Could you output each line of the data that follows exactly?

→ **Saved data entries**

▼

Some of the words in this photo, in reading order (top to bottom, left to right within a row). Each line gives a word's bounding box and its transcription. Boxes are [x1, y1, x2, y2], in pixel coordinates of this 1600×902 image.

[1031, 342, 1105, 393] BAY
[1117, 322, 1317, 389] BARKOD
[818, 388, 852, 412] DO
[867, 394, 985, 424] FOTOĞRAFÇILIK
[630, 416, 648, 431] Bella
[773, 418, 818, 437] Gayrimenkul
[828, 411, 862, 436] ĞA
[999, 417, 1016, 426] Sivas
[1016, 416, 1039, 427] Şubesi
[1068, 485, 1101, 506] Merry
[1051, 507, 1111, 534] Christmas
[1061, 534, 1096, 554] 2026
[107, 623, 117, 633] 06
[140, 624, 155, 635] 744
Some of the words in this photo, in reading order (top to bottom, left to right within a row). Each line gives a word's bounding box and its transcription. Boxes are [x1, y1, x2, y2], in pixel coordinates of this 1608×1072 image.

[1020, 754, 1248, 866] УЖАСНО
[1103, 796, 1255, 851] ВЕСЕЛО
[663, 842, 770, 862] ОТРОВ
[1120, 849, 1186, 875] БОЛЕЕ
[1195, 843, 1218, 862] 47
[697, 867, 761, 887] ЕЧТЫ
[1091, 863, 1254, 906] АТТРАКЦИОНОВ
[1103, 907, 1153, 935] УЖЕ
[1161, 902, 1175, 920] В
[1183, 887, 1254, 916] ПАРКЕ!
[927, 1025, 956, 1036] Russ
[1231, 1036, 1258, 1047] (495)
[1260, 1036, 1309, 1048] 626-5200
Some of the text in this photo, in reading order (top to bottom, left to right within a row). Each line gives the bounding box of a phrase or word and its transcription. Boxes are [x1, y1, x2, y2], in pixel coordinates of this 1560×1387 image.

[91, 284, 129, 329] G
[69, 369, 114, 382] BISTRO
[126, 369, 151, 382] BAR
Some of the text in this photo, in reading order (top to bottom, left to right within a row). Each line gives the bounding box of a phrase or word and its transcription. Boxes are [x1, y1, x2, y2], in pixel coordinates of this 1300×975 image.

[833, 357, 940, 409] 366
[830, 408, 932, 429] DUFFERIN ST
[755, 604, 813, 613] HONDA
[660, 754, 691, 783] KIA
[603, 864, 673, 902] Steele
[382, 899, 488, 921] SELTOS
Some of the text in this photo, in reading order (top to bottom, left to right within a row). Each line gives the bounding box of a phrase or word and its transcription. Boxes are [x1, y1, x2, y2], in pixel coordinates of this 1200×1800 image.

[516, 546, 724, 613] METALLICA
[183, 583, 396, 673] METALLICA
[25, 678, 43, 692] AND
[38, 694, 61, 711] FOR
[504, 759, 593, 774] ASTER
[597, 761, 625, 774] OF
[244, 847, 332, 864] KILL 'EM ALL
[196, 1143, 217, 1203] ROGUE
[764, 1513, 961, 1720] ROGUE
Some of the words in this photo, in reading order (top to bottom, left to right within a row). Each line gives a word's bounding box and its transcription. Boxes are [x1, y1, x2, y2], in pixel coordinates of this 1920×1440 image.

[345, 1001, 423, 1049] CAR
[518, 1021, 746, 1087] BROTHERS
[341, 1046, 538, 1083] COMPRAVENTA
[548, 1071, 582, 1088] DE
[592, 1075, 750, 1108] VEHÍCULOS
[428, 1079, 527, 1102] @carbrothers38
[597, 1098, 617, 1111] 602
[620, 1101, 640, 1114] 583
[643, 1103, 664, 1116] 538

▲

→ **Solution for this task**
Some of the words in this photo, in reading order (top to bottom, left to right within a row). Each line gives a word's bounding box and its transcription. Boxes are [x1, y1, x2, y2], in pixel coordinates of this 1600×902 image.

[1031, 342, 1105, 393] BAY
[1117, 322, 1317, 389] BARKOD
[818, 388, 852, 412] DO
[867, 394, 985, 424] FOTOĞRAFÇILIK
[630, 416, 648, 431] Bella
[773, 418, 818, 437] Gayrimenkul
[828, 411, 862, 436] ĞA
[999, 417, 1016, 426] Sivas
[1016, 416, 1039, 427] Şubesi
[1068, 485, 1101, 506] Merry
[1051, 507, 1111, 534] Christmas
[1061, 534, 1096, 554] 2026
[107, 623, 117, 633] 06
[140, 624, 155, 635] 744
Some of the words in this photo, in reading order (top to bottom, left to right within a row). Each line gives a word's bounding box and its transcription. Boxes are [x1, y1, x2, y2], in pixel coordinates of this 1608×1072 image.

[1020, 754, 1248, 866] УЖАСНО
[1103, 796, 1255, 851] ВЕСЕЛО
[663, 842, 770, 862] ОТРОВ
[1120, 849, 1186, 875] БОЛЕЕ
[1195, 843, 1218, 862] 47
[697, 867, 761, 887] ЕЧТЫ
[1091, 863, 1254, 906] АТТРАКЦИОНОВ
[1103, 907, 1153, 935] УЖЕ
[1161, 902, 1175, 920] В
[1183, 887, 1254, 916] ПАРКЕ!
[927, 1025, 956, 1036] Russ
[1231, 1036, 1258, 1047] (495)
[1260, 1036, 1309, 1048] 626-5200
Some of the text in this photo, in reading order (top to bottom, left to right within a row). Each line gives the bounding box of a phrase or word and its transcription. Boxes are [x1, y1, x2, y2], in pixel coordinates of this 1560×1387 image.

[91, 284, 129, 329] G
[69, 369, 114, 382] BISTRO
[126, 369, 151, 382] BAR
Some of the text in this photo, in reading order (top to bottom, left to right within a row). Each line gives the bounding box of a phrase or word and its transcription. Boxes are [x1, y1, x2, y2], in pixel coordinates of this 1300×975 image.

[833, 357, 940, 409] 366
[830, 408, 932, 429] DUFFERIN ST
[755, 604, 813, 613] HONDA
[660, 754, 691, 783] KIA
[603, 864, 673, 902] Steele
[382, 899, 488, 921] SELTOS
Some of the text in this photo, in reading order (top to bottom, left to right within a row). Each line gives the bounding box of a phrase or word and its transcription. Boxes are [x1, y1, x2, y2], in pixel coordinates of this 1200×1800 image.

[516, 546, 724, 613] METALLICA
[183, 583, 396, 673] METALLICA
[25, 678, 43, 692] AND
[38, 694, 61, 711] FOR
[504, 759, 593, 774] ASTER
[597, 761, 625, 774] OF
[244, 847, 332, 864] KILL 'EM ALL
[196, 1143, 217, 1203] ROGUE
[764, 1513, 961, 1720] ROGUE
Some of the words in this photo, in reading order (top to bottom, left to right within a row). Each line gives a word's bounding box and its transcription. Boxes are [x1, y1, x2, y2], in pixel coordinates of this 1920×1440 image.

[345, 1001, 423, 1049] CAR
[518, 1021, 746, 1087] BROTHERS
[341, 1046, 538, 1083] COMPRAVENTA
[548, 1071, 582, 1088] DE
[592, 1075, 750, 1108] VEHÍCULOS
[428, 1079, 527, 1102] @carbrothers38
[597, 1098, 617, 1111] 602
[620, 1101, 640, 1114] 583
[643, 1103, 664, 1116] 538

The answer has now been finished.